In 2005, a press investigation found that over 100 young women were sexually exploited like this by at least 80 recruiters from the Army, Marines, Navy and Air Force. Some were raped in recruiting offices, some assaulted in government cars as they were driven to military test sites and others intimidated into sexual relationships, like Mickiela’s friend. Recruiters have a power that makes teenagers afraid to reject them or report their assaults, for they control whether the teen will get into the military at all, which for someone who can see no other way out of a dead-end life is power indeed.
In spite of her recruiter’s pressure, Mickiela resisted the military at first. The only part of the life that appealed to her was the physical challenge, for she had always been athletic. But when she went to her career counselor to discuss alternatives, all he said was, “When you’re 17 you’ll be old enough to sign up.”
Then Nana grew worse. She became addicted to morphine and turned delusional, accusing her family of trying to poison her, and she was wasting away in front of their eyes. Mickiela couldn’t bear it. In an effort to numb herself, she took to ditching school and partying all the time. She joined a graffiti crew and got kicked out of one school, then another. “My boyfriend lived right opposite my school, so I’d go see him instead of going to classes. I was smoking a lot of weed. I was really messing up.”
And then, on June 24, 2002, the day before Mickiela’s 17th birthday, Nana died. She was 52.
“I knew she was sick, but you never actually expect it,” Mickiela said quietly from her other grandmother’s couch, pulling a cushion over her belly. “If I cried when I was little, Nana would always say, ‘Save your tears for when I die.’ But she could say that ’cause death was such a distant thing, you know?”
After Nana’s death, Mickiela was left alone with her step-grandfather, who made it clear right away that he couldn’t cope with raising her on his own. “He made me feel like he wasn’t my grandpa anymore. I felt so vulnerable. I didn’t know what to do.”
For a time, she continued to slide downhill.

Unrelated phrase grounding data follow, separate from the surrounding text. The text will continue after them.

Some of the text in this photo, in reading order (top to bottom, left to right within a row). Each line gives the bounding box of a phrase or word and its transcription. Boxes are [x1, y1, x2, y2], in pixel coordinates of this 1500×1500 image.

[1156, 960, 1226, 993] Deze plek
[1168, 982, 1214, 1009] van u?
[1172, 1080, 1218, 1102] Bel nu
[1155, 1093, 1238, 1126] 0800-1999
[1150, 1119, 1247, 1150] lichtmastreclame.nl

Nana had always been the one to get her to school, make her do her homework, keep her organized. With no one to look out for her, Mickiela didn’t care anymore. But after a summer of partying, she grew disgusted with herself. Not knowing where else to turn, she went back to the recruiter. “I wanted to do something to be proud of. I imagined telling my grandchildren one day that I’d done something to protect the country.” After all, it was September 24, 2002, by then, a year after 9/11.

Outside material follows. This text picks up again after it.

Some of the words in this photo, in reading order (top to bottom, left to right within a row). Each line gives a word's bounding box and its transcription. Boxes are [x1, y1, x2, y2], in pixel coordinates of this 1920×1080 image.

The recruiter was delighted. He told Mickiela that all she needed was her mother’s signature because recruits under 18 cannot enlist without signed permission from a parent. Mickiela hadn’t seen her mother in months by then, but she called her anyway and explained.
“If you wanna join, forge my name, I don’t care,” her mother said and hung up.

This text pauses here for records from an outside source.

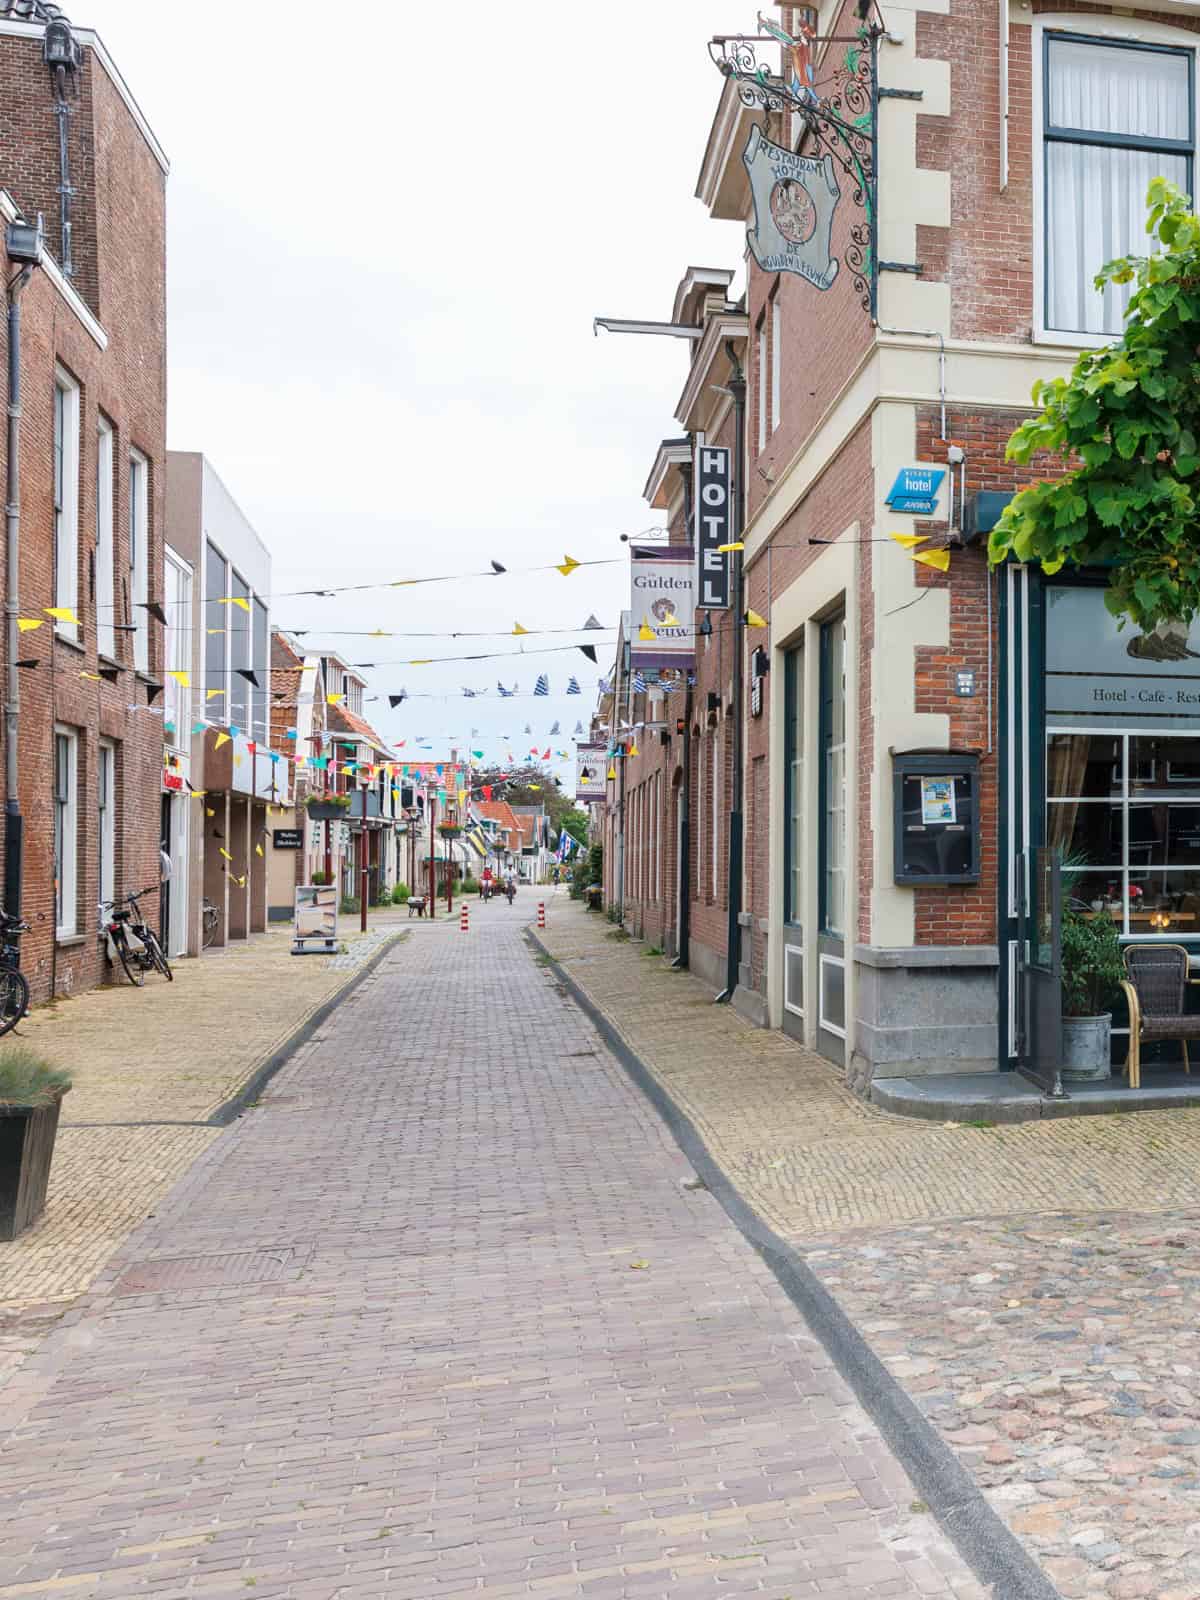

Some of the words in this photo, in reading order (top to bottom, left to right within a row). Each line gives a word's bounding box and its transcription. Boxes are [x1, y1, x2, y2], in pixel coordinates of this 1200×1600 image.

[759, 141, 824, 178] RESTAURANT
[771, 165, 808, 186] HOTEL
[786, 242, 800, 254] DE
[905, 477, 932, 492] hotel
[702, 450, 724, 604] HOTEL
[634, 575, 693, 589] Gulden
[1092, 688, 1127, 702] Hotel

Mickiela forged her mom’s name right under the recruiter’s nose. “We do this all the time,” he told her. “Don’t worry about it.”
So, at the beginning of twelfth grade and exactly three months after Nana died, Mickiela signed up with the California National Guard for what her recruiter told her would be six years. In fact, anyone joining any branch of the military for the first time is committed for eight years, or longer if the military wants. But Mickiela didn’t know that yet, just as she didn’t know the country had been at war with Afghanistan since October 2001 because she never watched the news. Nor did she know the National Guard could send her to war whenever it needed to. She still thought she would be fighting forest fires, helping with floods and protecting her country from terrorist attacks, all at home in California.
By the time Mickiela graduated from high school in June 2003, the United States had invaded Iraq, and National Guard members were being turned into combat soldiers for the first time since the Korean War.